Wikileaks has freshly published its newly hacked documents from the CIA. Filed under the “Vault 7” series by Wikileaks, this leak talks about CIA’s methods of hacking into network routers from leading companies like Asus, Belkin, Buffalo, Dell, DLink, Linksys, Motorola, Netgear, Senao, and US Robotics. Surprisingly, Apple’s own AirPort Extreme router is missing from this list.
This is mainly because of the hardened encryption that Apple uses with its products, coupled by its unique hardware arrangement that’s tough to crack. The documents detail CIA’s “Cherry Blossom” program, which pertains to firmware modifications made to networking equipment so as to aid the agency’s surveillance efforts.
Cherry Blossom is capable of checking a user’s internet traffic, redirecting them to a particular website, or even look for passwords. The document also talks about how the firmware penetrates the hardware:
“In typical operation, a wireless device of interest is implanted with Cherry Blossom firmware, either using the Claymore tool or via a supply chain operation.”

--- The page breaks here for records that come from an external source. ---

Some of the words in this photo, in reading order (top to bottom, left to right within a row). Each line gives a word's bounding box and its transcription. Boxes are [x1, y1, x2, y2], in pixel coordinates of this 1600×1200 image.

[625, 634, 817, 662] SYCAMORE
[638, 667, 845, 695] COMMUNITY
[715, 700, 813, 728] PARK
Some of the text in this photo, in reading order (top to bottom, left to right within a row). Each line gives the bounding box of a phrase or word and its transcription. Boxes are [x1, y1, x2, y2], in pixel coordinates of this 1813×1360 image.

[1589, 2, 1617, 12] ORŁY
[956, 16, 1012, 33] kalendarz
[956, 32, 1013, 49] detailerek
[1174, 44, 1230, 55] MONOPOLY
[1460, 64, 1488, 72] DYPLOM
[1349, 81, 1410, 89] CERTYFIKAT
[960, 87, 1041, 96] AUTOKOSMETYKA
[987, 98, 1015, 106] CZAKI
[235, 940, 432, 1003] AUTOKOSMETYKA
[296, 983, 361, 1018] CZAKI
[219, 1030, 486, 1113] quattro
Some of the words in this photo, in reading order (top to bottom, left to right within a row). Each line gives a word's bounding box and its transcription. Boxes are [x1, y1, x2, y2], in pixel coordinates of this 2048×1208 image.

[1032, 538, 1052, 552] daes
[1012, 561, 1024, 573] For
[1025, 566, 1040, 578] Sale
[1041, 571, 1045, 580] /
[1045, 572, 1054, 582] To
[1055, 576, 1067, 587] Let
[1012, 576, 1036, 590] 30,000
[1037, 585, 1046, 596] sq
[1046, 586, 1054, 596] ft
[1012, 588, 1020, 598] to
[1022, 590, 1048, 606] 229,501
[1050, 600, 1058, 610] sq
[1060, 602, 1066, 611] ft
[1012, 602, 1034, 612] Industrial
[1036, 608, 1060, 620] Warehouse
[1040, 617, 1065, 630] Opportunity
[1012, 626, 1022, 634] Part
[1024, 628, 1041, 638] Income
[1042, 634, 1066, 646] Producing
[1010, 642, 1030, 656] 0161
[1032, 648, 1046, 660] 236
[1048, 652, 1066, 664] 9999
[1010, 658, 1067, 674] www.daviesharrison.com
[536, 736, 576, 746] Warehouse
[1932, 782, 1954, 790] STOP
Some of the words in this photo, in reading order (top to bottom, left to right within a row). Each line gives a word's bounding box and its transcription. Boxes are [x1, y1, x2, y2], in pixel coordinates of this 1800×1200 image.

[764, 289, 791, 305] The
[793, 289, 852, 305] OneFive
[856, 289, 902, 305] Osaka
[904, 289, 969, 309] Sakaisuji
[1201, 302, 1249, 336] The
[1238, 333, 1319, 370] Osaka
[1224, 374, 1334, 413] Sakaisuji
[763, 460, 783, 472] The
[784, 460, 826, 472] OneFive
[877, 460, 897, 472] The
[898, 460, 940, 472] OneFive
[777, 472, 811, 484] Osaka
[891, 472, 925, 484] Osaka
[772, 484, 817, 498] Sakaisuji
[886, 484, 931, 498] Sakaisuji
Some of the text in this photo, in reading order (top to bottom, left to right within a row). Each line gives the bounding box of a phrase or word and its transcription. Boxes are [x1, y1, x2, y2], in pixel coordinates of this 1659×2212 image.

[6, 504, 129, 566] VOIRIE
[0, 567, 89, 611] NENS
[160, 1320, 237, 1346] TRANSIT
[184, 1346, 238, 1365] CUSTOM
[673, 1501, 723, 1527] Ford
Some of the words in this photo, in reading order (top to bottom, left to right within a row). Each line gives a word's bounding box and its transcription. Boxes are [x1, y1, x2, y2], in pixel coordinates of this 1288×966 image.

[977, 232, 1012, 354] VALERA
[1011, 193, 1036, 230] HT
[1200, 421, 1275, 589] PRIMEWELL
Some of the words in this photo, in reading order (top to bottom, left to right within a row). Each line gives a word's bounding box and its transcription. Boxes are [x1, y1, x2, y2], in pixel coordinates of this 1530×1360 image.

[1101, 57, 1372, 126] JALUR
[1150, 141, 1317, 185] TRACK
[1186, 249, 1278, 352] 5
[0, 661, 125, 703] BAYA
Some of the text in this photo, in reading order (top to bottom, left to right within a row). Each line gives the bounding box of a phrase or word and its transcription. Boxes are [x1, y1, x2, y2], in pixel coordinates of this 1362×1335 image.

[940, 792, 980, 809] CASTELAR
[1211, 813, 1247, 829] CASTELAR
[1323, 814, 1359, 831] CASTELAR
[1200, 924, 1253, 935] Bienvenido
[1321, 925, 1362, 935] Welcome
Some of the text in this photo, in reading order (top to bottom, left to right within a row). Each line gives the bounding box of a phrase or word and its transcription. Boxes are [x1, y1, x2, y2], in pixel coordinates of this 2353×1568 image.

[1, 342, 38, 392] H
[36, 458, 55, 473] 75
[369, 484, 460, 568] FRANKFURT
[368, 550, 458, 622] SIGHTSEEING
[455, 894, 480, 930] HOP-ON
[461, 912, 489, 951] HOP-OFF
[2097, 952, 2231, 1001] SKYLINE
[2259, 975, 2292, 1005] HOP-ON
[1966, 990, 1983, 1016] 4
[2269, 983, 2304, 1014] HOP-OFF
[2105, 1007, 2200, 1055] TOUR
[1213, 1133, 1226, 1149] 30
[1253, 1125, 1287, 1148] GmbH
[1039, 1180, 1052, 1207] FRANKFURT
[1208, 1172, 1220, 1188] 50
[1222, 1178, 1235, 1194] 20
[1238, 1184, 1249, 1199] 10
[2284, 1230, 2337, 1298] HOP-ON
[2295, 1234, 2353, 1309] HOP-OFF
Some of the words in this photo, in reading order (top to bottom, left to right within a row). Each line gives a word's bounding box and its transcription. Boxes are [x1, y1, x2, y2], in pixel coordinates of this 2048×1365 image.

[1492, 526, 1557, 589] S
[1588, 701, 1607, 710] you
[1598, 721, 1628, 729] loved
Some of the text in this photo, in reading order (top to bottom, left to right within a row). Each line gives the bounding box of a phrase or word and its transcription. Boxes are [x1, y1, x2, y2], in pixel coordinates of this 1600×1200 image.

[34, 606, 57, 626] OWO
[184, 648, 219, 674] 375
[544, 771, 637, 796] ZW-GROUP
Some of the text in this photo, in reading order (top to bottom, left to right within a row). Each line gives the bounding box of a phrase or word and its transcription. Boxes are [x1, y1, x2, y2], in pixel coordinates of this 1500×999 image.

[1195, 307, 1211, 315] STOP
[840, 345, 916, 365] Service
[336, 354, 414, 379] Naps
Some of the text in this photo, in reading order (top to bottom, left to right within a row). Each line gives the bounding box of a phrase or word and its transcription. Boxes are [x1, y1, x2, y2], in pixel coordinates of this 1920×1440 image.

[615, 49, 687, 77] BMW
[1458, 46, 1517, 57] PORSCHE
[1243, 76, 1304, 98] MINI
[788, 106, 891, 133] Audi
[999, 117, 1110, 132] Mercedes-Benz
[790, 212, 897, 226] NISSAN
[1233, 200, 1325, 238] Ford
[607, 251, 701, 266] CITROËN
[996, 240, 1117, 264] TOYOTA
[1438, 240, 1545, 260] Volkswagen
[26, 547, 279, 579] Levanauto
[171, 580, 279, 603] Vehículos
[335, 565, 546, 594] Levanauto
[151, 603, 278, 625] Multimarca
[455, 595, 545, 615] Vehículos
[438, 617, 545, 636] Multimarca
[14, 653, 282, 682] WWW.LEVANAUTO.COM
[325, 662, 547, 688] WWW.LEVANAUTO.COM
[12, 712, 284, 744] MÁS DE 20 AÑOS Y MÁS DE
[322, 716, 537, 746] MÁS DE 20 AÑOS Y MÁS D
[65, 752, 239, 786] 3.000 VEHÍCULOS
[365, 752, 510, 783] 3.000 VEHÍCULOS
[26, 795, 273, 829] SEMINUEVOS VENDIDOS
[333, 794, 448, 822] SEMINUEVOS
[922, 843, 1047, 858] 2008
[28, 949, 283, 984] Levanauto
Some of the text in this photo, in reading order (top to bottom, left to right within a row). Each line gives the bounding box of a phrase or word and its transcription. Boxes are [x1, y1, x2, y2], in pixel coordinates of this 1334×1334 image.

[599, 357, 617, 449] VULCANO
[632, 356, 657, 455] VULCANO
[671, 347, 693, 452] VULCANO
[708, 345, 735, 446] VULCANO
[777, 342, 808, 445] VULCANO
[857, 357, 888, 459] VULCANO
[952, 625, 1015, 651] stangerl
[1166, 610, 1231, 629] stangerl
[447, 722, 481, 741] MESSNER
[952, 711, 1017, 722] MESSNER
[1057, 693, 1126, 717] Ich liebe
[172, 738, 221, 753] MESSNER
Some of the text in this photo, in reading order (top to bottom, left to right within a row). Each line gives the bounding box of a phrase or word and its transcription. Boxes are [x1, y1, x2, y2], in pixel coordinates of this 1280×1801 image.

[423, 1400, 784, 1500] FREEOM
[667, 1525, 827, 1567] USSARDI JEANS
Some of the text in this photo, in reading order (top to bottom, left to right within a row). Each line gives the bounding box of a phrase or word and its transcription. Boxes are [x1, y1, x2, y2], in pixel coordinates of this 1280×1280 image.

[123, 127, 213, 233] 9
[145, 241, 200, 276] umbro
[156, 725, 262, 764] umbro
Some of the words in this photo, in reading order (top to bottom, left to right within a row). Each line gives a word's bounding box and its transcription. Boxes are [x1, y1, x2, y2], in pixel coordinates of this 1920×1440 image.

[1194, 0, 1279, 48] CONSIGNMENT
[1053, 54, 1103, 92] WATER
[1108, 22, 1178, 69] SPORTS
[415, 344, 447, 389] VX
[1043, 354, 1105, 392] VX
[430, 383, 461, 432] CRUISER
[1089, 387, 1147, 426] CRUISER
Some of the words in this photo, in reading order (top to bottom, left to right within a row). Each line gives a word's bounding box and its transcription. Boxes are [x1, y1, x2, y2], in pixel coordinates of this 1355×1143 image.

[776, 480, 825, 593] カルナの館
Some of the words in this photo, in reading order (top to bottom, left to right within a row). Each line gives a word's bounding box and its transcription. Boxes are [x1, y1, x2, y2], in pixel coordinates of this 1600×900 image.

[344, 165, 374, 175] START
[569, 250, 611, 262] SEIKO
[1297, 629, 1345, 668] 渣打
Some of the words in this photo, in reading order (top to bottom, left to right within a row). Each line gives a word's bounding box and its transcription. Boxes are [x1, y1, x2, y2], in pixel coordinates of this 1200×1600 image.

The supply chain method basically talks about injecting the firmware sometime after the product leaves the manufacturing unit and before it reaches the customers. Not a lot was discussed about the Claymore tool, however.
Back in March, Wikileaks documents revealed some exploits that were found on iOS devices. However, Apple was quick to mention that these were old and had been patched already. Another report spoke about how Apple and a bunch of other companies might be at a loss to discover fixes for the exploits found by the CIA.
Apple will breathe a sigh of relief to know that its devices weren’t mentioned in this fresh leak. Other companies, however, have to ensure their customers that they aren’t being snooped on.